Towel in hand, she fled from the
bathroom—face flaming—and grabbed a clean cotton shirt from her
closet on her way out and shut the bedroom door tightly behind her.
She did a cursory job of washing up at the kitchen sink and changed
into the clean shirt. Then went about the business of starting
water to boil, cutting up a salad, and regaining her waning
composure. By the time Logan came out—crisply clean, smelling
deliciously of fresh soap and healthy man—she had warmed some
bottled spaghetti sauce, jazzed it up with a few things from her
cupboards, and started the frozen ravioli boiling. "Dinner'll be
ready soon," she said, barely trusting herself to look at him. "You
can pour some ice water if you like."

Logan sat at the table and poured for each of
them while Eden blanched the pasta and set the meal on the table.
For a time, they ate quietly. Then Logan spoke, his tone casual.
"Eden? I've been thinking about us."

She tried not to choke on her ravioli. "Is
there an us to think about?"

"Sarah tells me your business is in
Phoenix."

"Right. Day care. The Old Woman's Shoe. You
knew that."

"Right," he agreed. "And you're going back
there in a few weeks, as soon as you put this house on the market,
right?"

"Right again."

"I've been wondering how you'd feel if we
spent some time together for the next few weeks, just while you're
in the area."

Eden just looked at him, wondering if she was
hearing him correctly.

He stumbled over the next words. "I know, I'm
the one who said maybe we shouldn't see each other—"

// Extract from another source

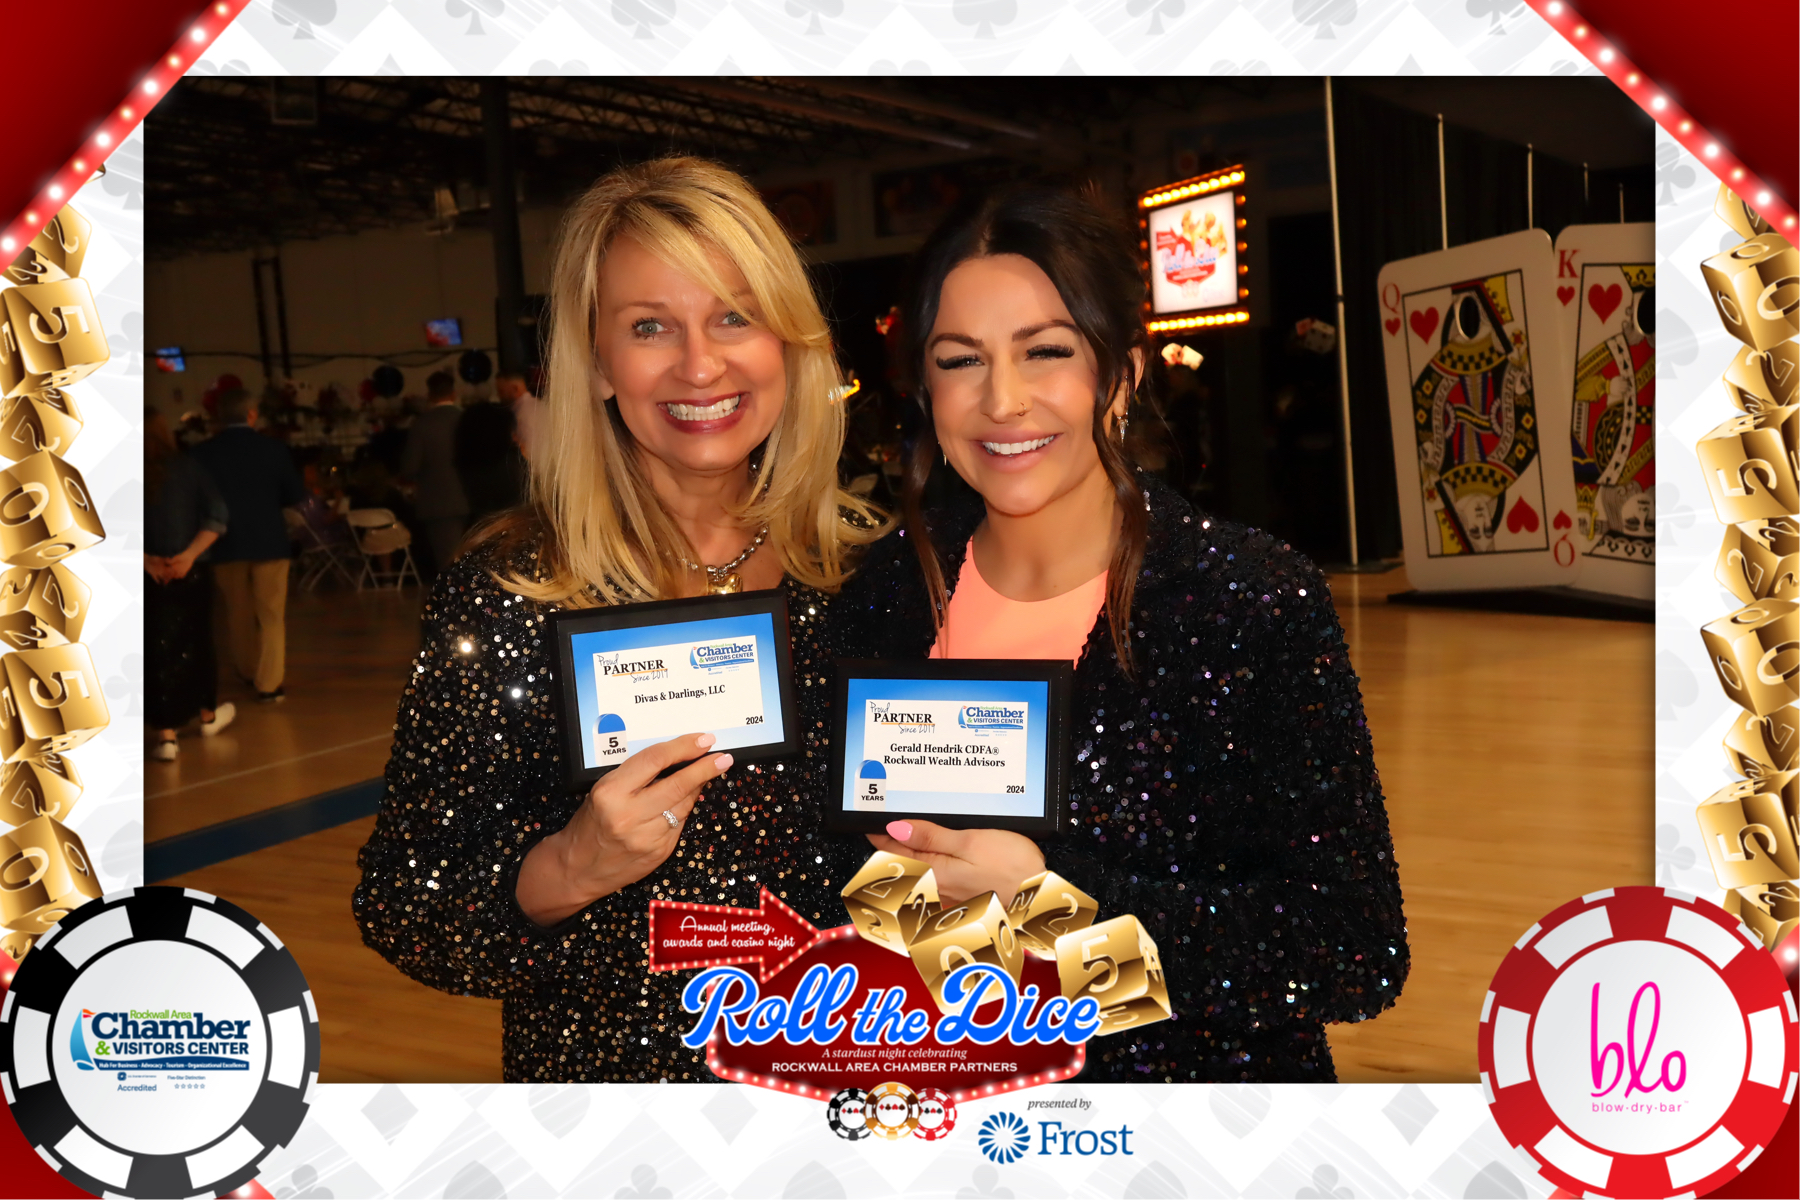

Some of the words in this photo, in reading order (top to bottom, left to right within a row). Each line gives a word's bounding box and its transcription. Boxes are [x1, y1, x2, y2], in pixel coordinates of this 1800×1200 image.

"I remember that part. You talked about some
kind of commitment."

"Yes, but I'm not talking about any kind of
commitments now, not between us, I mean. I'm talking about two
grown-ups who enjoy each other's company just sharing some time
together. No strings."

She licked her lips, put her fork down.
Something in the way he said it piqued her ire. "Did you think I
had something else in mind?"

Now it was his face that darkened with
embarrassment. "No, it isn't that. I just didn't want there to be
any misunderstandings between us—"

"So, gentleman that you are, you decided to
protect me by setting the record straight right from the start, is
that it?"

He couldn't have missed her sarcasm. "Uh,
something like that, I guess."

Eden was on a roll. "But you hesitate to
spend time with me because of some other commitment you've made
that you don't want to tell me about."

"I... I guess you could say that."

"And yet you want me to agree to spend time
with you, anyway? No strings attached?"

He felt the heat in his face. She was holding
up a mirror to him and what he saw shamed him. "Uh, well, yeah. I
guess."

"Logan, do you think that's wise?" She wasn't
being sarcastic anymore, or evenly viciously sardonic. He could
tell from the intensity in her expression that she was absolutely
serious, that in trying to avoid hurting her he had hurt her worse
than he'd ever imagined.

Her searching honestly demanded no less from
him. "I can't seem to be wise when I'm around you, Eden."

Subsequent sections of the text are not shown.